Aethlan sat alone, in a small, anonymous courtyard. There was a stone bench beneath a tall, silver-barked tree whose branches were weighed down with snow. The ground had only a light covering, because the walls of the palace rose up high on each of the eight sides and much of the space was sheltered. It was cold, but not as cold as her chambers with its vast open balcony. It was quiet too. It always was here – not just the courtyard, the palace in general – but today it seemed especially so. The few Atlasian nobles who lived here had had their ranks considerably thinned by the desperate exodus from the city once it had become clear an attack was unavoidable. She’d assumed some would have volunteered to help with the defence; certainly in Talos, there was an expectation of military service attached to most positions of political authority, but that didn’t seem to be the case here, not to judge from the way she’d some of them hurrying towards the gates of the Enclave, trailed by servants laden down with boxes and trunks. This city was not all she had been led to believe it was. She’d been told of its beauty, its nobility, its strength and glory. All she’d seen, at least from within the Imperial Enclave, was vanity and grotesque indulgence. She’d soured quite considerably on Atlasians as a breed, and she found herself longing for the familiar, for lost Talos, and its relative simplicity. Thick stone walls, floors carpeted with rushes, smoky wall sconces with mouldering tapestries recalling long-forgotten battles hanging between them. She pined, most of all, for the rough-and-ready lords of her native land, perversely. Though many of them had opposed her at every turn, resented her authority and talked to her like she was a child, their repellent nature was at least straightforward and uncompromising. A Talosi noble lived and died on the strength of his word and his sword. If a man insulted him, he’d draw his weapon and cut him down. It was brutal, and here they’d call it barbaric, but it was at least honest.

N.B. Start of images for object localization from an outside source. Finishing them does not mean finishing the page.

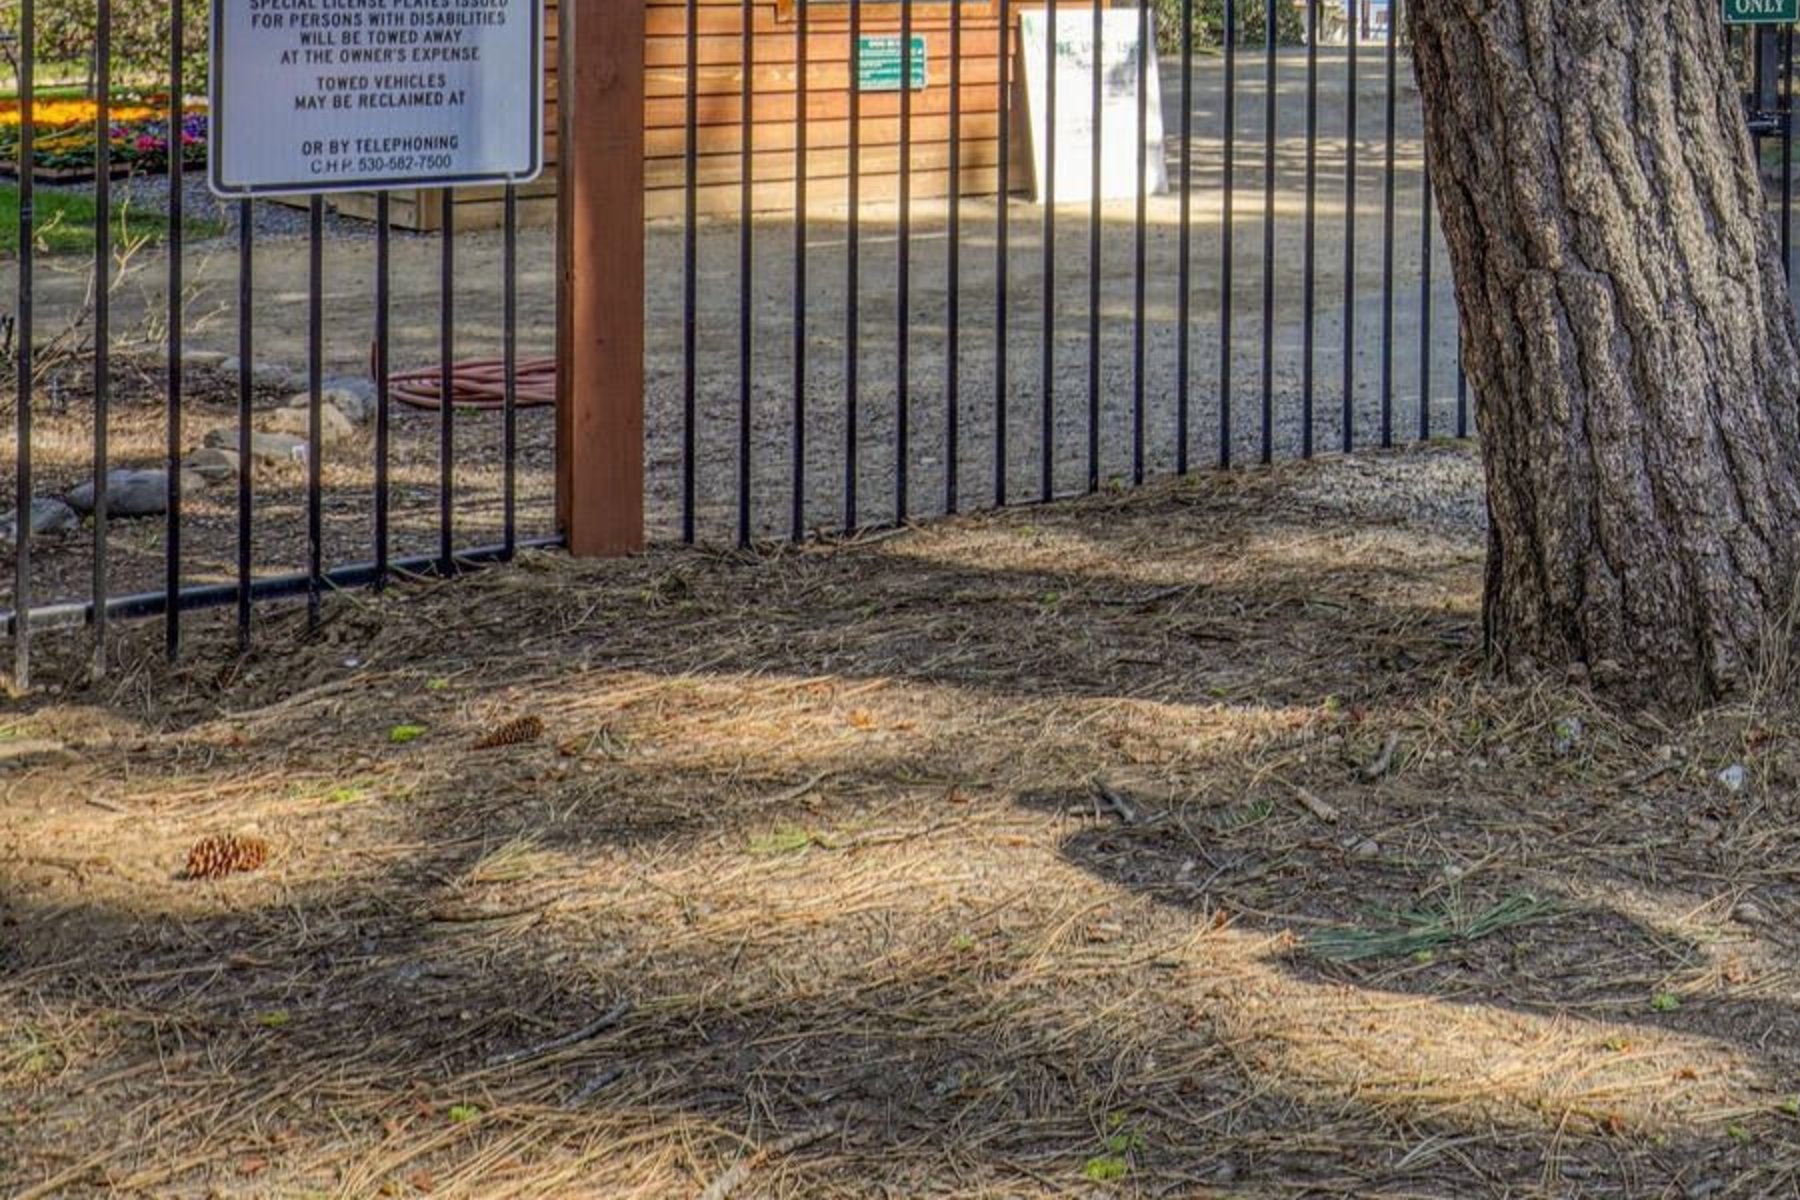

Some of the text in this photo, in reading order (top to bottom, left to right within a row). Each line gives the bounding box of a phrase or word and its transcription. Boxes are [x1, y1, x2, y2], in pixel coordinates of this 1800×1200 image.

[252, 11, 506, 29] FOR PERSONS WITH DISABILITIES
[300, 29, 463, 46] WILL BE TOWED AWAY
[280, 47, 480, 65] AT THE OWNER'S EXPENSE
[317, 73, 446, 91] TOWED VEHICLES
[295, 91, 466, 110] MAY BE RECLAIMED AT
[302, 135, 459, 156] OR BY TELEPHONING

She turned, surprised by someone speaking directly to her after so many days wandering the airy halls of the palace alone. She stared at the shape standing in the covered portico at the top of a short flight of steps. It was shadowy beyond the doorway and, for just a moment, she thought that her wistful dreams of Talos had summoned forth a phantom from her youth. It looked like her father was there, dressed in his full panoply of war, as he had been when she was just a girl. She stood instinctively, heart in her mouth, but then the broad-shouldered man stepped into the light and she was filled with even more joy. “Huldane!” she cried.

He looked different. Even when she could see his face, he still reminded her of the late Lord Dorfin, her father. There was something about the set of his jaw, the look in his pale blue eyes. He carried a shield, though it didn’t look like the battered one he’d left Atlas with. In fact, all his gear looked new. His mail gleamed and the helmet hanging from his belt was undented. He walked down the steps towards her. “I am back,” he said simply.

She wrung her hands, unsure of what to say to him. He looked so handsome. He was a Talosi warrior, and truly looked it for the first time since they’d fled their home. He could have stepped right from one of those old tapestries. He could have come from an ancient saga. “What…what did you find?”

“All that we hoped, and more. It is hard to explain everything, and I do not have much time.”

She frowned. “Why not?”

“Enemies gather outside the walls, my lady. I am called to war by Lord Albrihn.”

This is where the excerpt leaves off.